Does changing the building block of the image or object change the inherent meaning of the work, or does it merely result in a substitution that perpetuates the original meaning? Sarah Shinyo Kim creates images and assemblages based on numerous groupings of emoticons. In her work, Kim replaces the emotional content of the art with the semantics and iconology of emoticons. The result is that her works convey emotions without the narrative and expressive elements that would normally support the emotions. Emoticons are a bridge between images and concepts/words, but they are ultimately an iconophilic invention, aimed towards the beautification of online communications on social networks. In Kim's assemblages and paintings that blur the boundaries of the digital world and external reality, the many emoticons that contradict and complement one another show the fickle nature and the multitude of human experiences.
Likewise, Andrew Wong uses small rectangularly cut pieces of paper to create portraits of celebrities and turns them into NFTs (non-fungible tokens).
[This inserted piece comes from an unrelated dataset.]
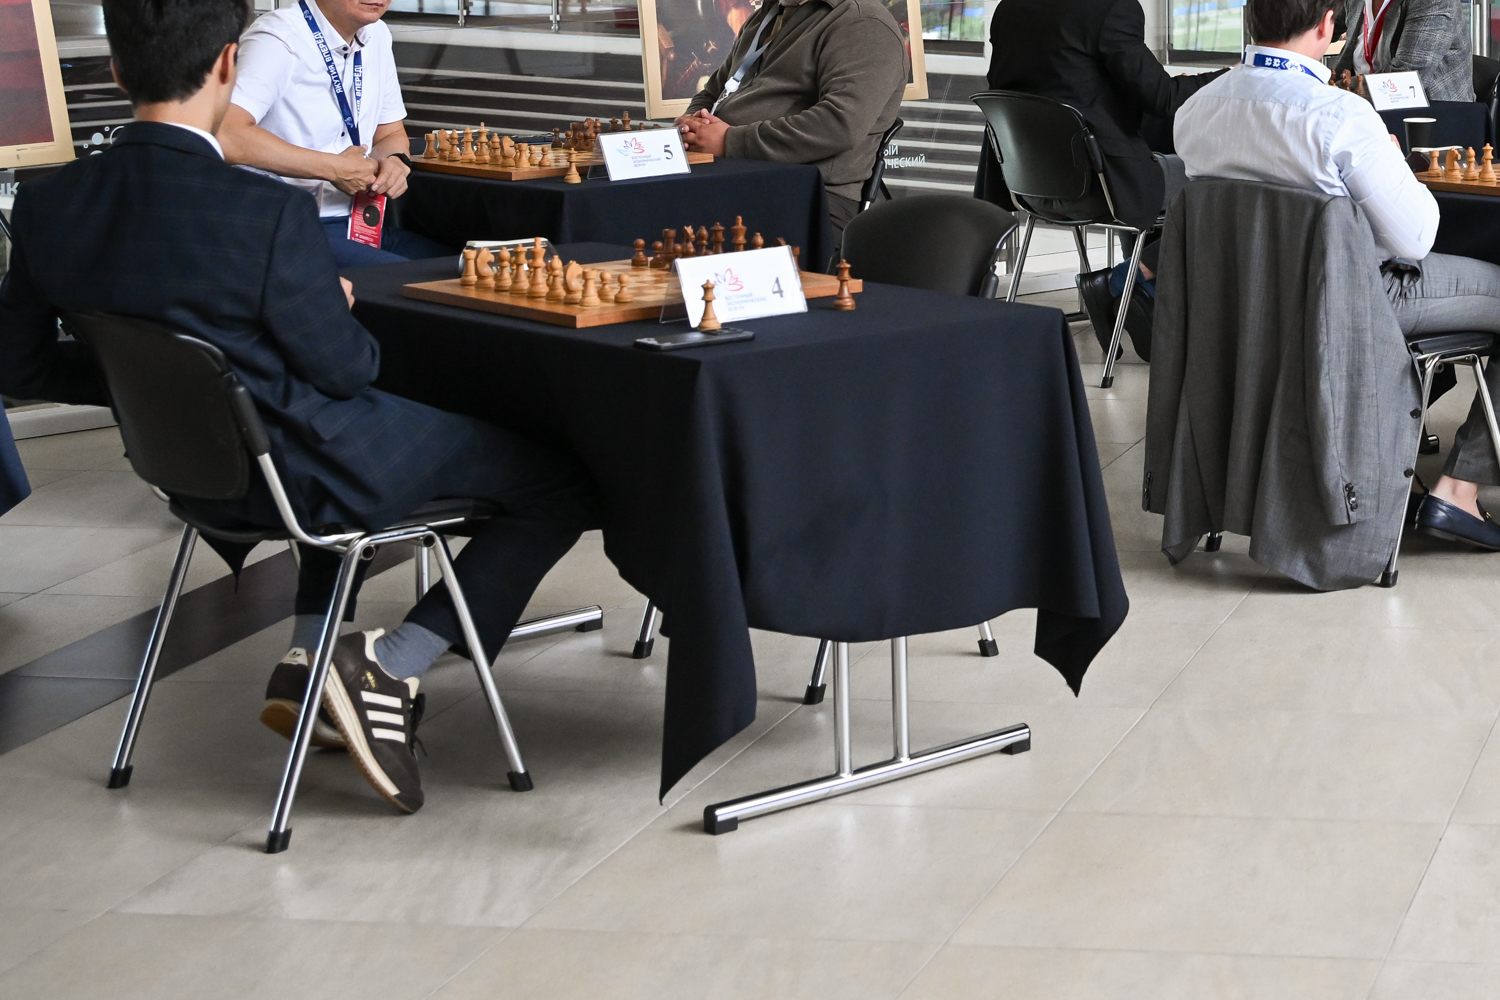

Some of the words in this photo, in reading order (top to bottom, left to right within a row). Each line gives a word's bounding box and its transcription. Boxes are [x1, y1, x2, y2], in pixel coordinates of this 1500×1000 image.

[1408, 85, 1416, 99] 7
[663, 144, 674, 160] 5
[884, 153, 926, 170] ЧЕСКИЙ
[771, 276, 784, 298] 4
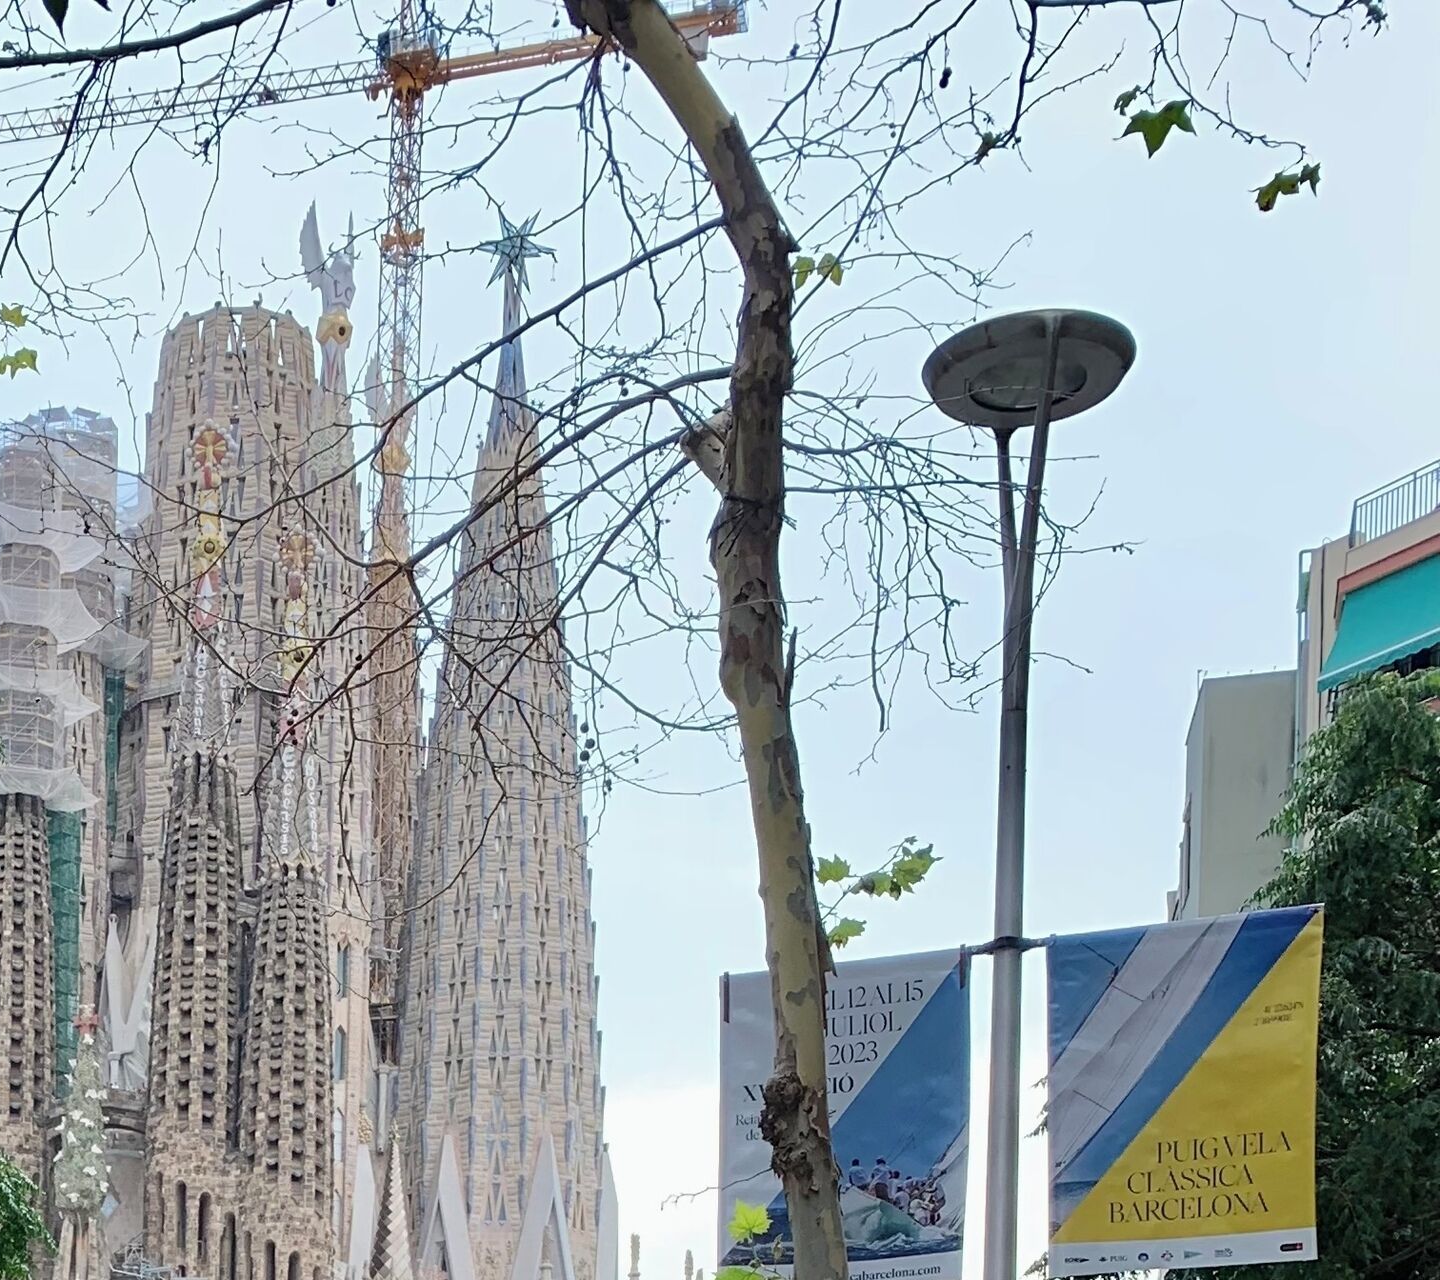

Wong's process simultaneously hides the hand of the artist but makes apparent the angular and abstracted nature of his visual language. Wong's fragmented images simultaneously disrupt the Capitalist illusion of phantasmagoria that commodifies the living (and the dead) at the level of flesh and realness, and reproduce the illusion at the level of the iconic or fame and by engaging in the commercial aspects of making and selling the work as an iconic image.
On the other hand, Chunbum Park draws with their digital camera aimed at a light source on long exposure, to create symbolic images of women that they sometimes call a "constellation." As an artist interested in gender fluidity and the traditional perceptions and roles of femininity, Park makes iconic drawings using this experimental method, which feel feminine to them in intuitive ways. Park also turns some of his photographic drawings and paintings into NFTs.
Albert Abdul-Barr Wang also works in conceptual photography, using found images from the Stasi secret police archive of East Germany to comment on the nature of the surveillance state before the digital era. The numbers marked on the figures in the photographs are a primitive method of identifying potential threats to the state power and equivalent to meta tagging or hash-tagging in today's social media. The Stasi photos relate to the concept of the panopticon in a prison complex, in which the guard on the observation tower can watch every prison cell but the prisoners cannot see the guard inside the tower. The result of the constant surveillance, according to Foucault, is the mental and behavioral change of every individual inside a society.
Lastly, Ioannis Dimopoulos revisits his installation and performance piece from 2017 with his sequel titled, "Only now there is no lord and no brother." The original work deals with the dark side of humanity, in which the audience pays $1 and enjoys controlling the subjects (who are also people) inside a claw machine. The new work revisits the previous work with a video projection and four plates as a part of the installation. Each plate has an envelope with a certificate of "non-authenticity" and a unique access code to virtual spaces which would be online for one year.
Riverside Gallery is located at One Riverside Square, Suite 201 in Hackensack, New Jersey.